There were significant declines in vaccine efficacy in individuals ages 65 and over, including residents of long-term care facilities, found mRNA vaccination products, according to data presented today by Ruth Link-Gelles, a CDC epidemiologist who is co-lead of the agency’s vaccine effectiveness team.

Link-Gelles addressed the CDC’s Advisory Committee on Immunization Practices (ACIP) as it began its two-day deliberations on a Pfizer Inc.-Biontech booster dose for those ages 65 and older along with those at high risk for developing severe COVID-19. One of ACIP’s goals is identifying who belongs in the high-risk category.

There were more declines in hospitalized patients receiving the Pfizer vaccine than Moderna Inc.’s in the time frame that finds the Delta variant dominating the pandemic, according to Link-Gelles’ data. There was no vaccine efficacy data found against infection for those with underlying conditions, she told ACIP. There were similar patterns of efficacy found in long-term care facility residents as those found in the general adult population, she added.

As for the exposure of those in high-risk occupations, no data were available, Link-Gelles said, but she added that its risk was likely similar to that of the overall population.

Vaccinating long-term care staff is a critical tool for preventing COVID-19 cases in nursing homes, Rachel Slayton, a CDC epidemiologist and infectious disease modeler, told the ACIP committee.

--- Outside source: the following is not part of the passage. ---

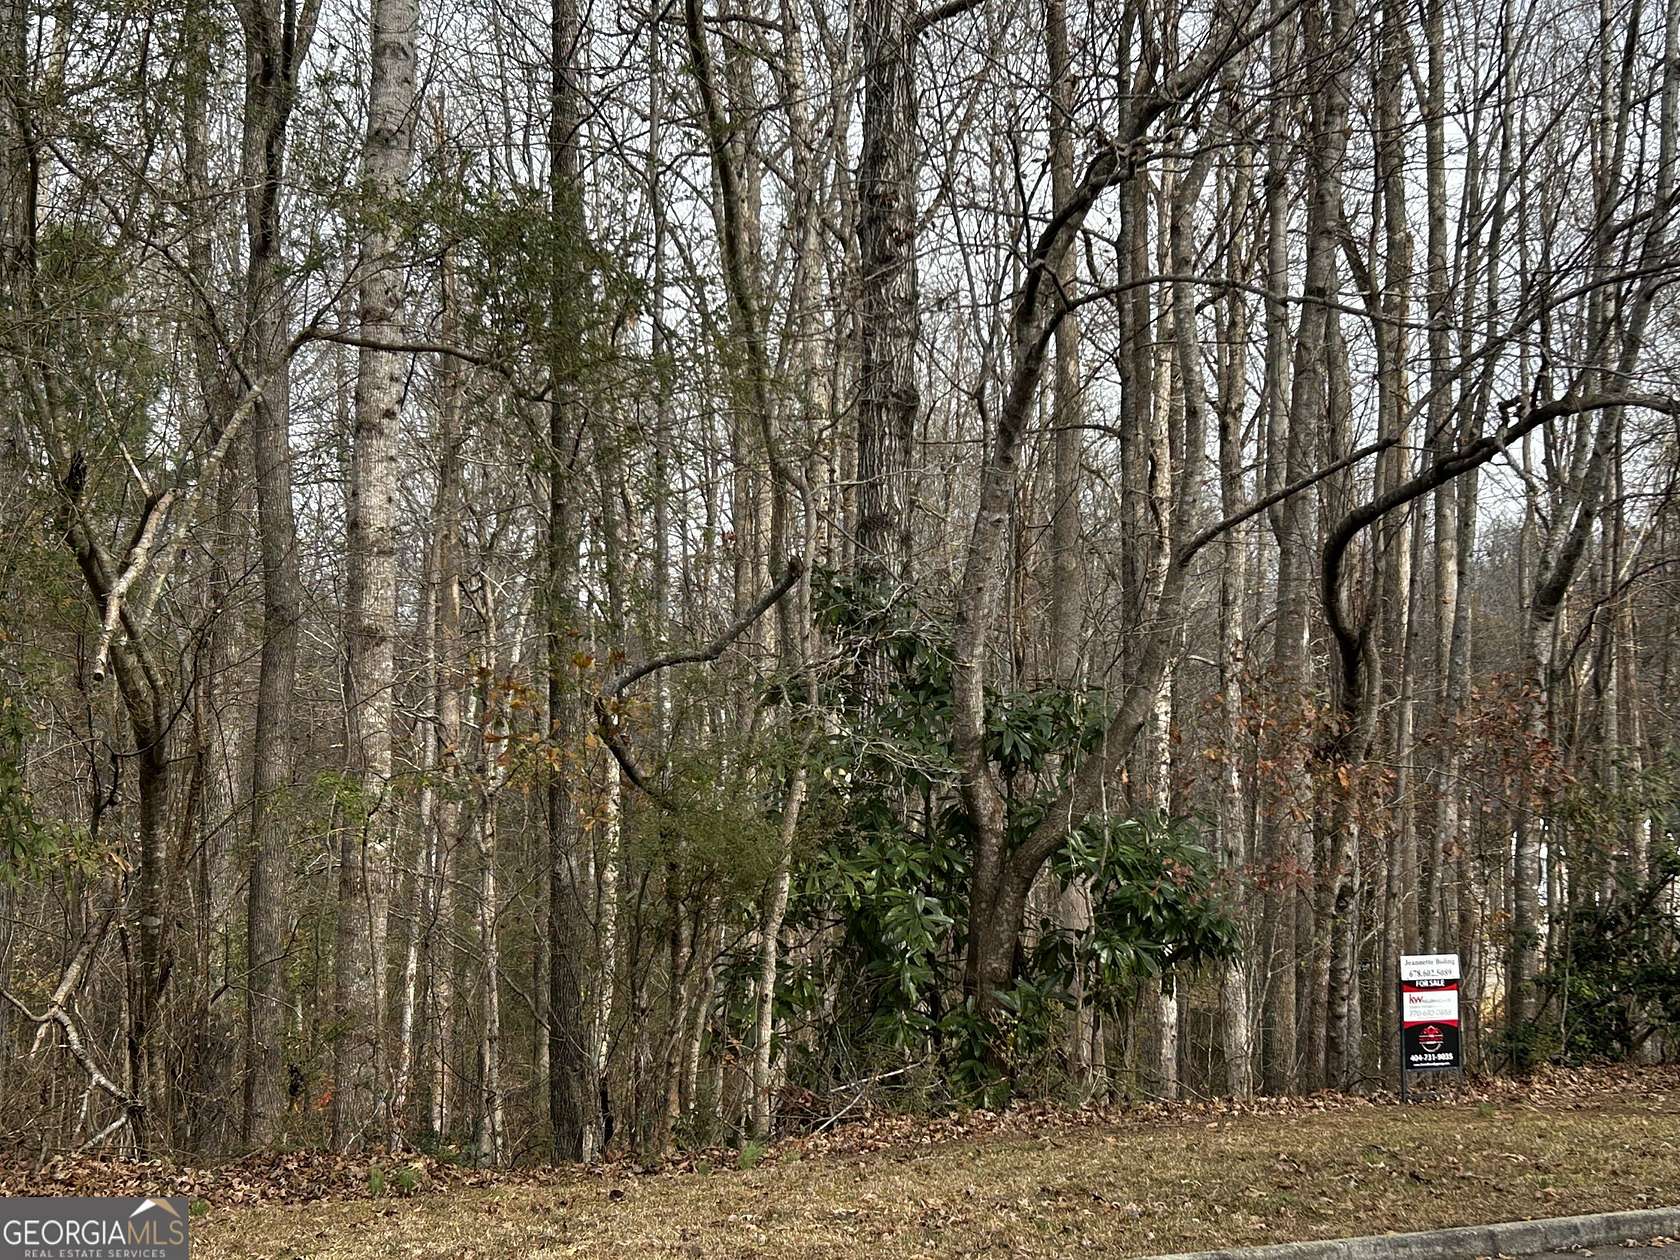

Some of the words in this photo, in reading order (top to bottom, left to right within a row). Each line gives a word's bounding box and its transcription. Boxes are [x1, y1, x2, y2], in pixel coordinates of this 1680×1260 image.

[1415, 979, 1428, 987] FOR
[1428, 979, 1445, 987] SALE
[1409, 993, 1423, 1004] kw
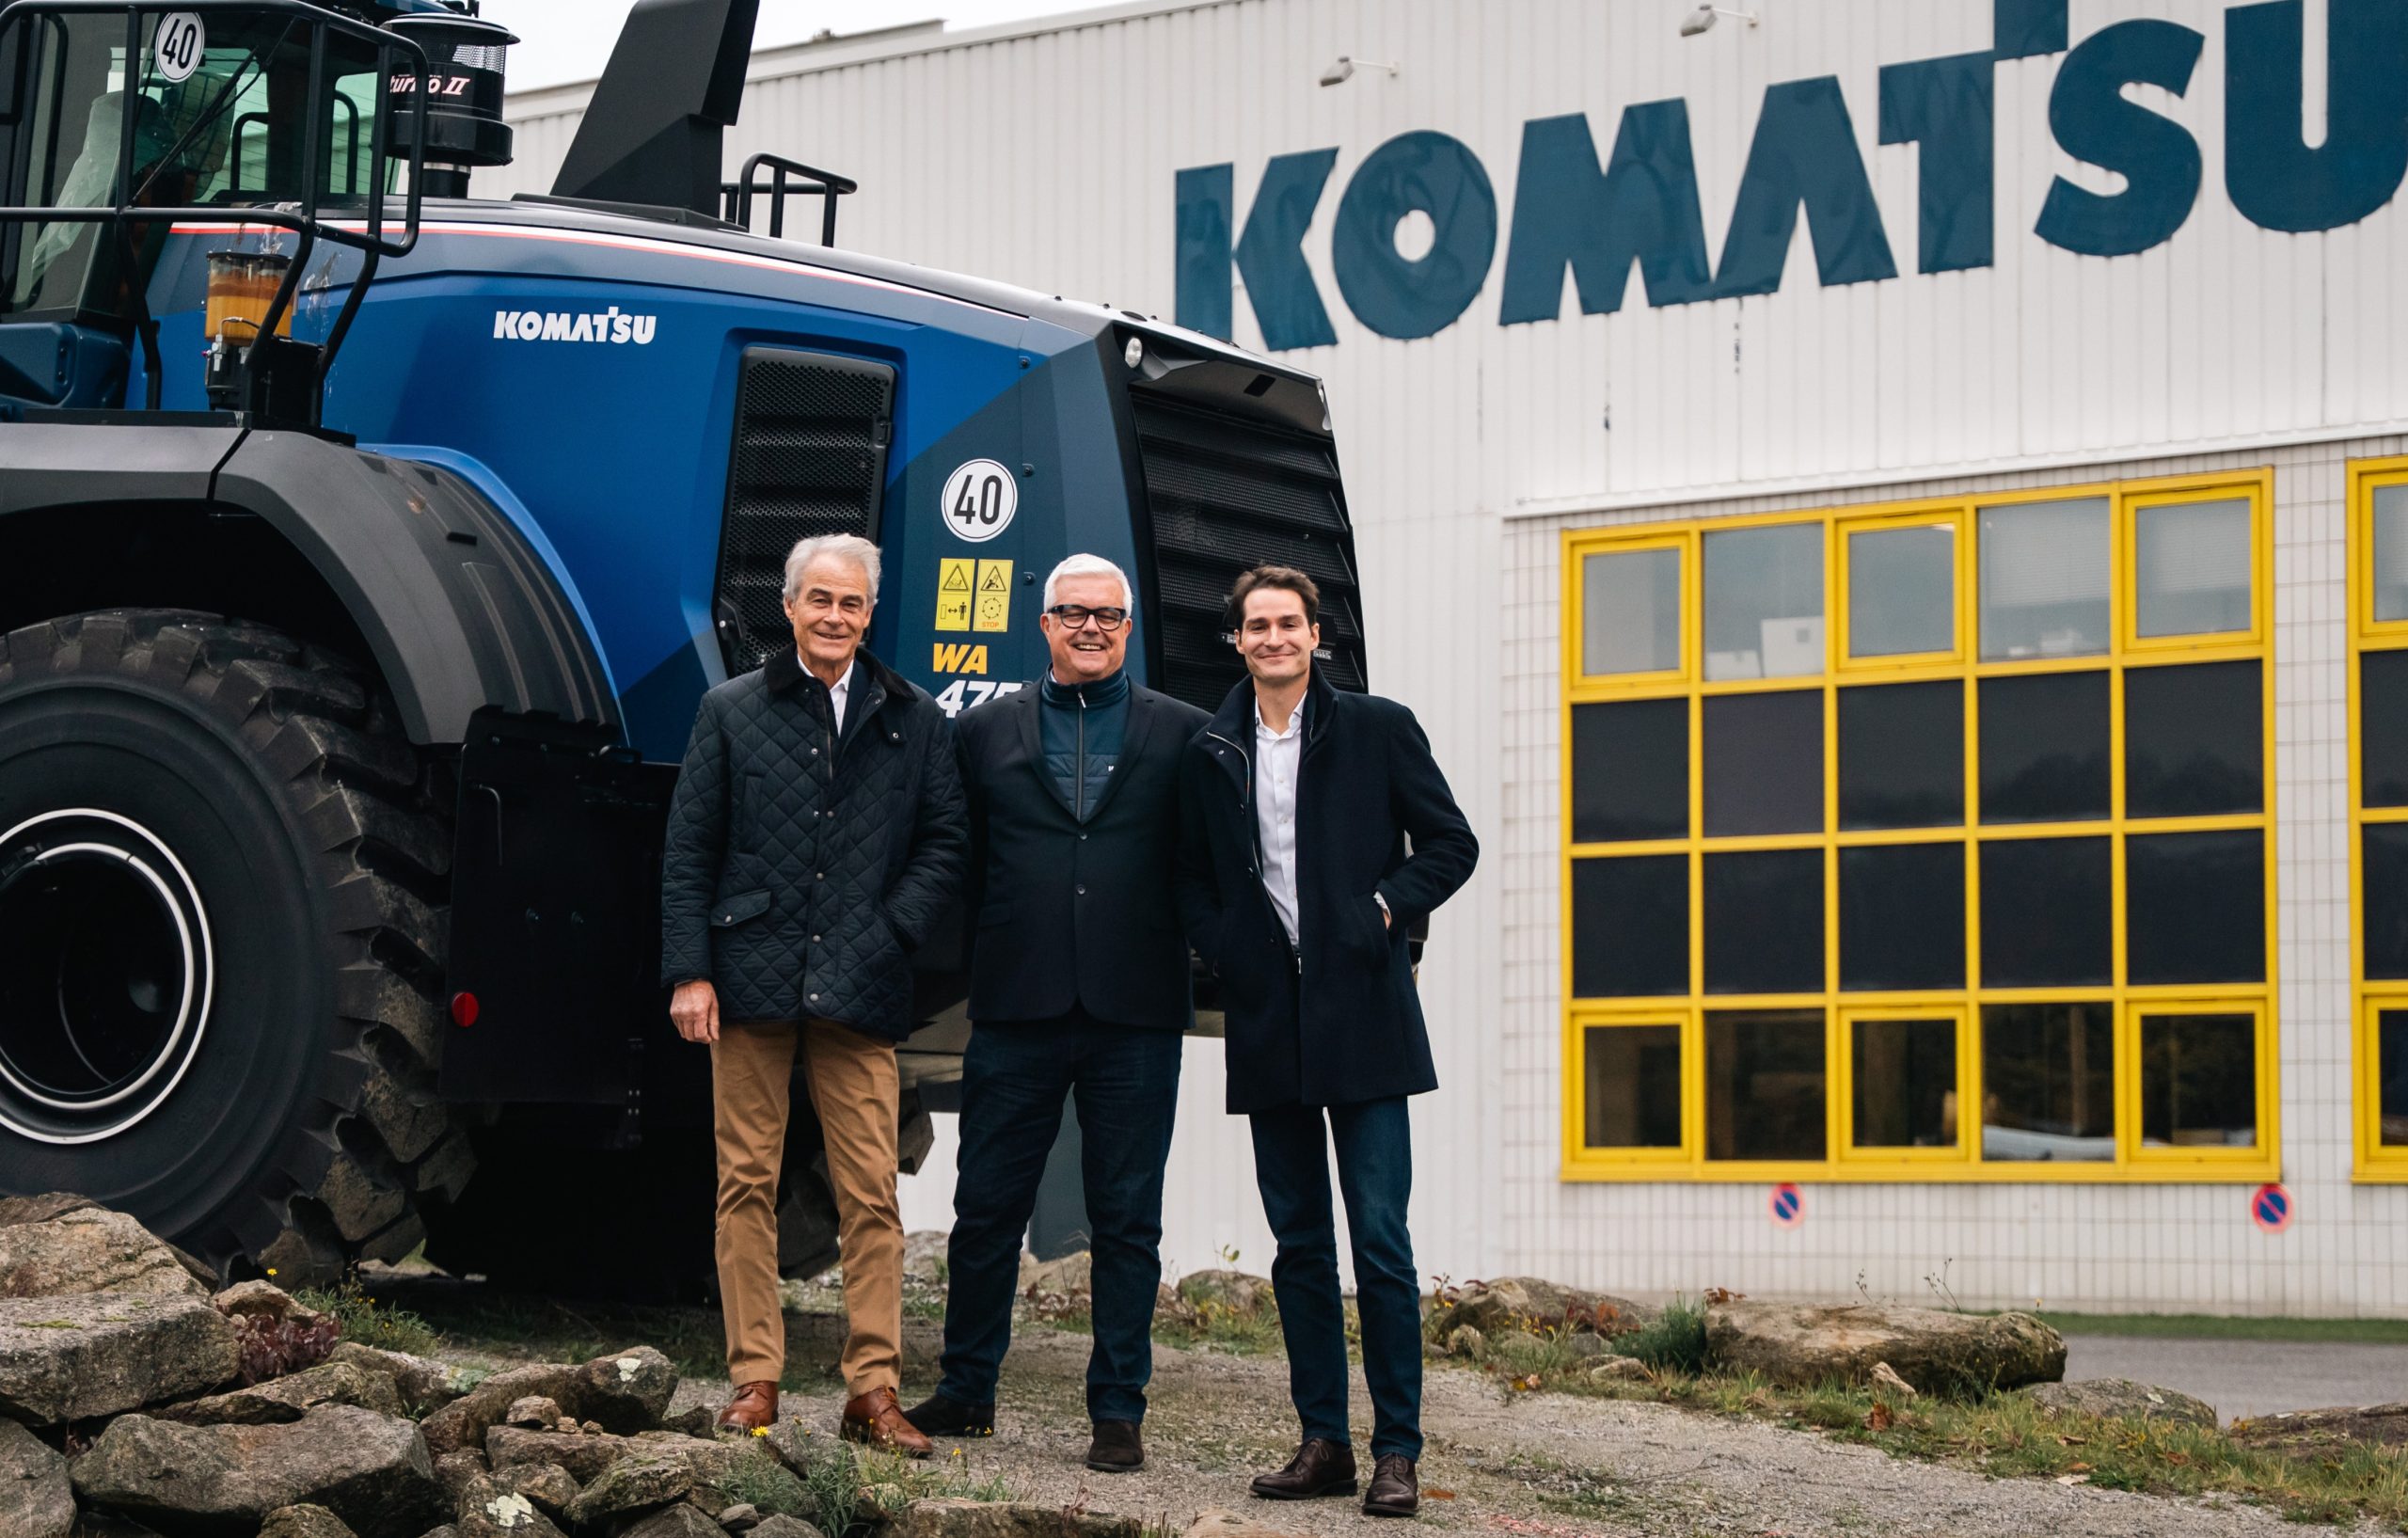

Boosters, she said, would help in the fight to reduce cases in nursing homes. But even with boosters that contain high efficacy, cases in nursing homes will persist when community transmission remains high.

Slayton cited data showing that most COVID-19-infected individuals among vaccinated residents are asymptomatic due to vaccine efficacy against symptomatic disease while only 20% of residents are unvaccinated. Those residents contribute a large share of the symptomatic cases, she added.

Higher staff coverage and higher booster efficacy, Slayton said, leads to fewer infections. Community transmission, she added, is a key driver of COVID-19 infection cases in nursing homes.